Hemangioma endothelial cells express the myeloid marker CD15. a: Labeling sections of proliferative hemangiomas with anti-CD15 (red) showed an endothelial-like distribution. b: Labeling sections with both anti-CD15 (red) and anti-CD83 (green), which was shown to label endothelial cells (Figure 4), shows that CD15 and CD83 are co-localized on many cells. c: Pyogenic granuloma did not show endothelial staining with anti-CD15, but rather the expected leukocyte staining (red). Scale bars: 100 μm (a); 50 μm (b); 10 μm (c).

Figure 7

GLUT-1-positive hemangioma endothelial cells co-label with the dendritic cell marker, CD83. Sections were triple labeled with a marker for endothelium (ulex lectin) (a), hemangioma-specific endothelium (GLUT-1) (b), and dendritic cells (CD83) (c). As shown in the merged image (d), widespread co-localization is observed.
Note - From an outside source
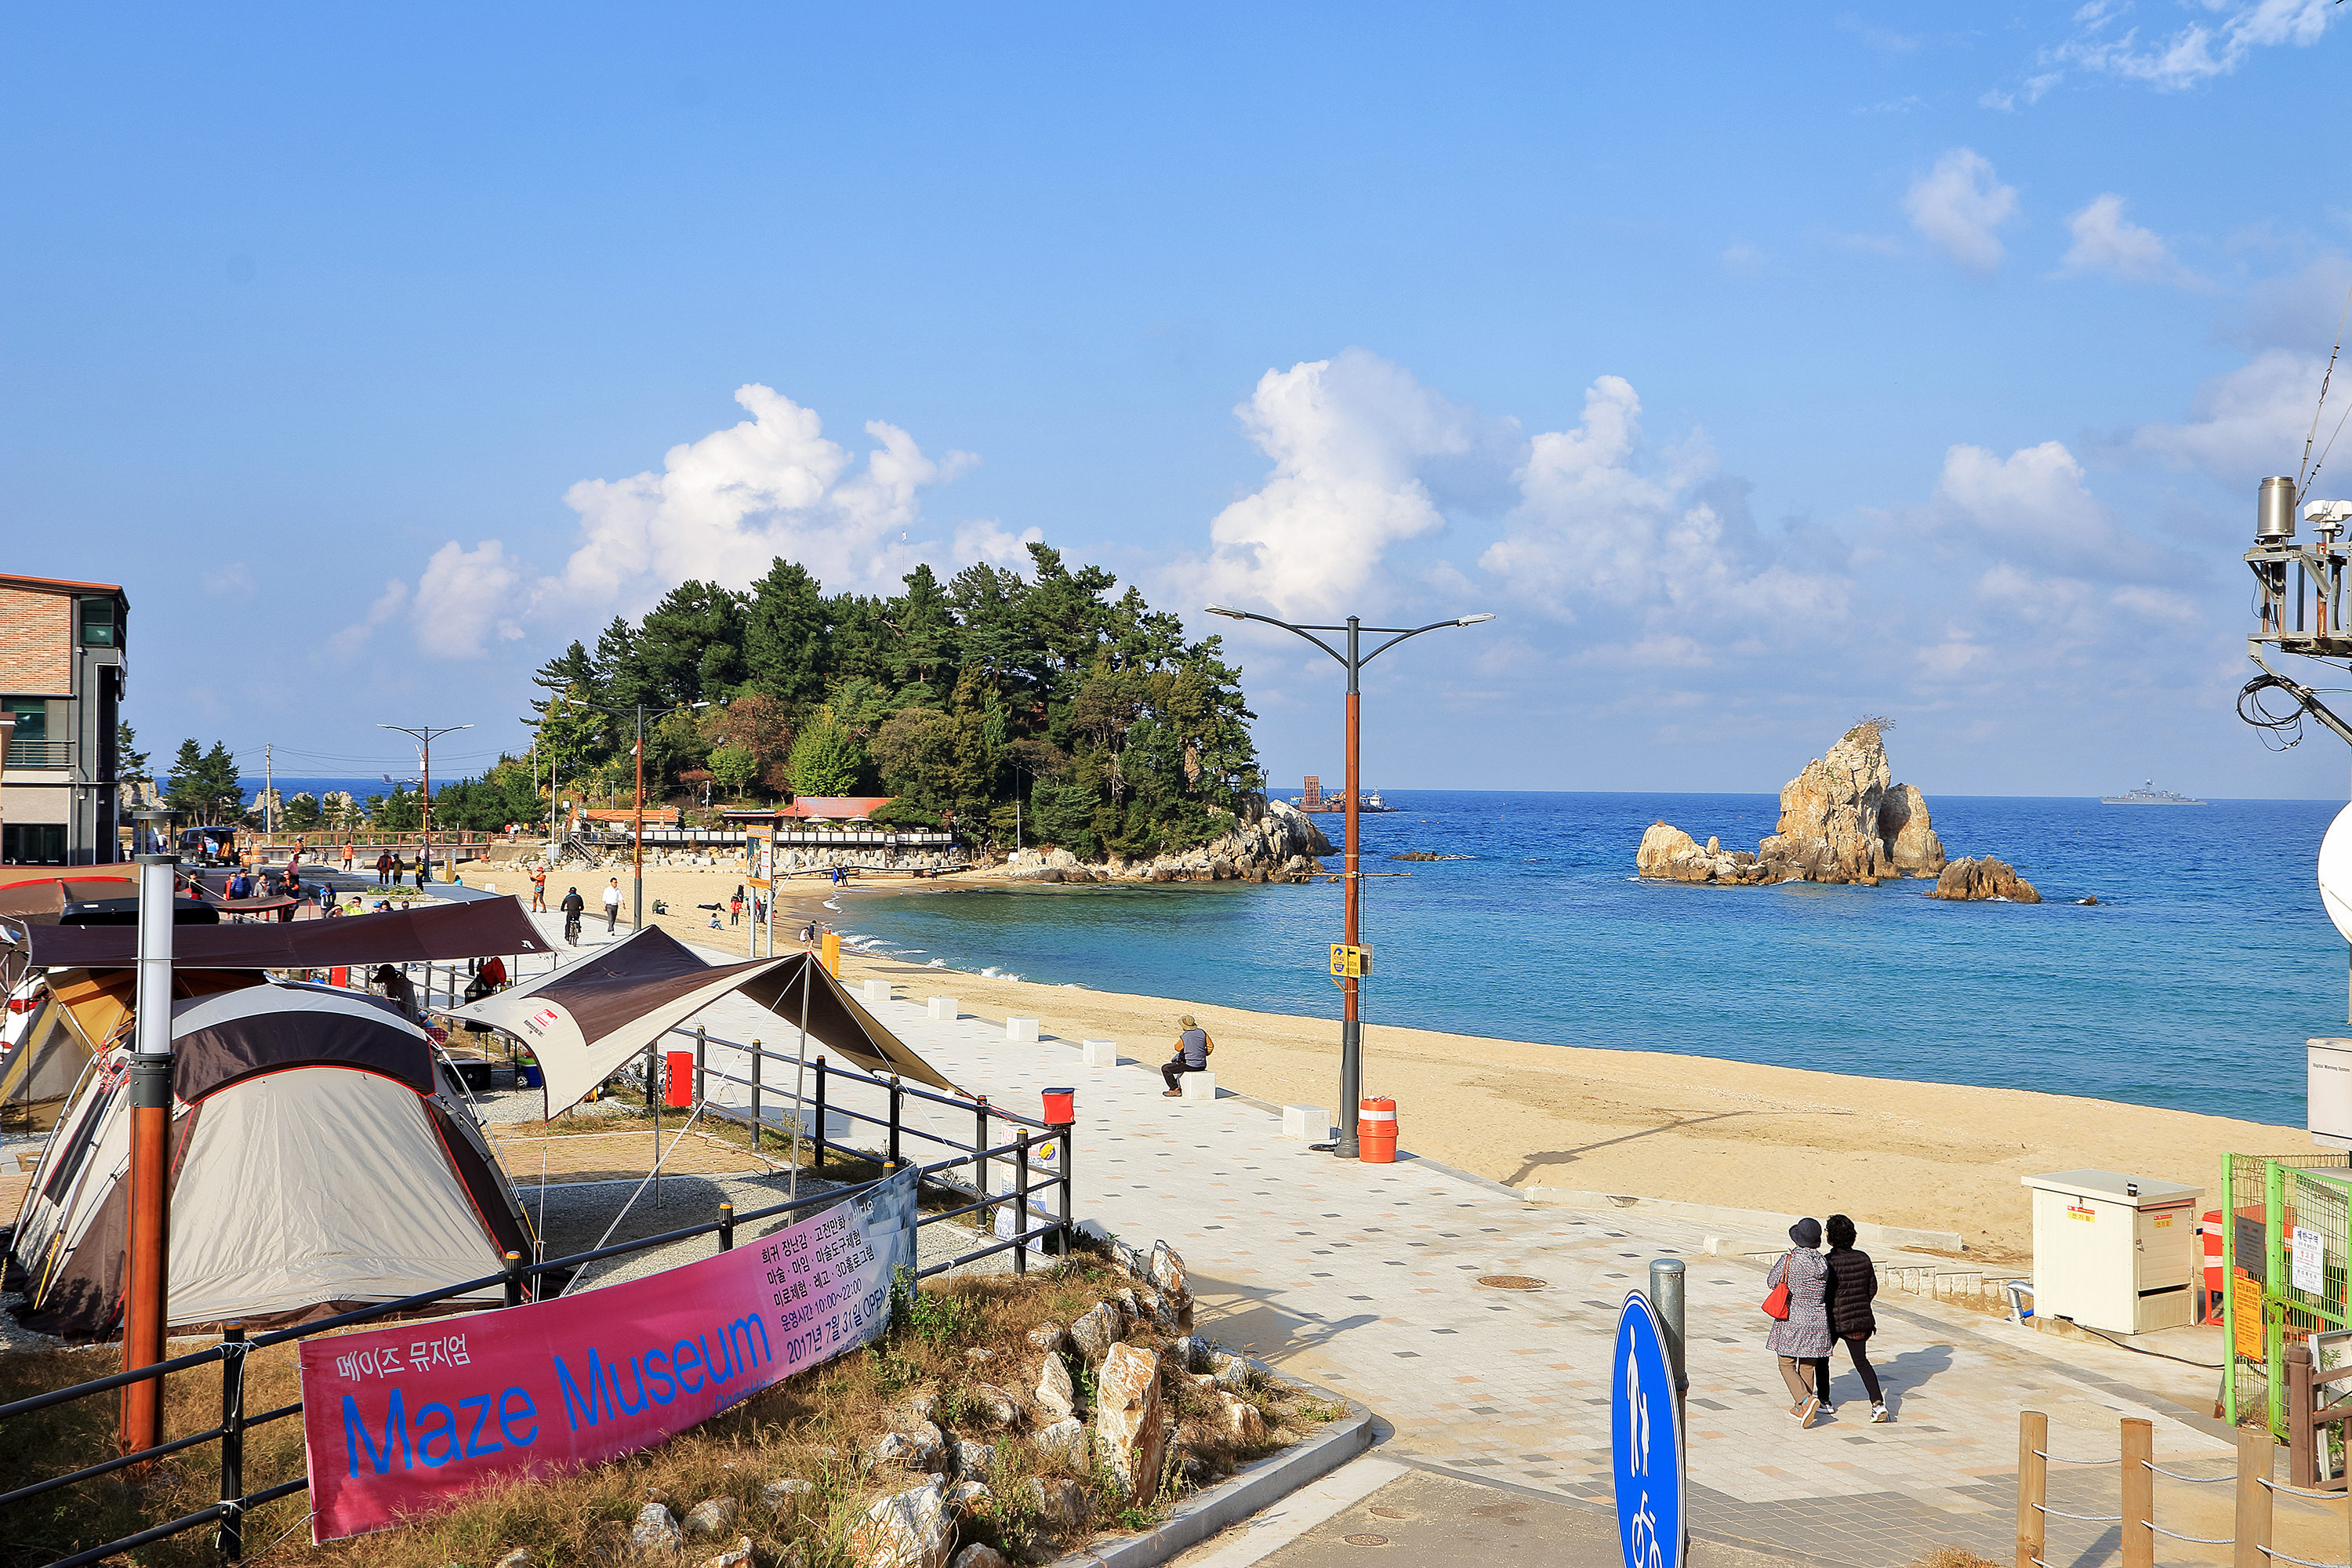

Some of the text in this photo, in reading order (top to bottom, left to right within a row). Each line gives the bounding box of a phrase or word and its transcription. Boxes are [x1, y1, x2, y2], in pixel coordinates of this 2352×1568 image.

Scale bar, 100 μm.

Figure 8

The myeloid marker CD32 (FcγRII) labels both hemangioma-associated hematopoietic cells and hemangioma endothelium. a: When proliferative hemangioma sections were labeled with antibodies against the monocyte marker CD14 (blue), and the myeloid marker CD32 (red), co-localization is observed on some cells (purple). b: Co-staining sections with CD32 (red) and the endothelial marker CD31 (green) reveals co-expression of these two antigens on a portion of cells within the lesion (yellow). c: When a and b are merged, cells co-labeling with CD14 (blue) and CD32 (red) are seen in purple whereas cells co-expressing CD32 (red) and CD31 (green) are yellow. Note that some CD31⁺ cells (green) do not co-label with CD32. Scale bar, 100 μm.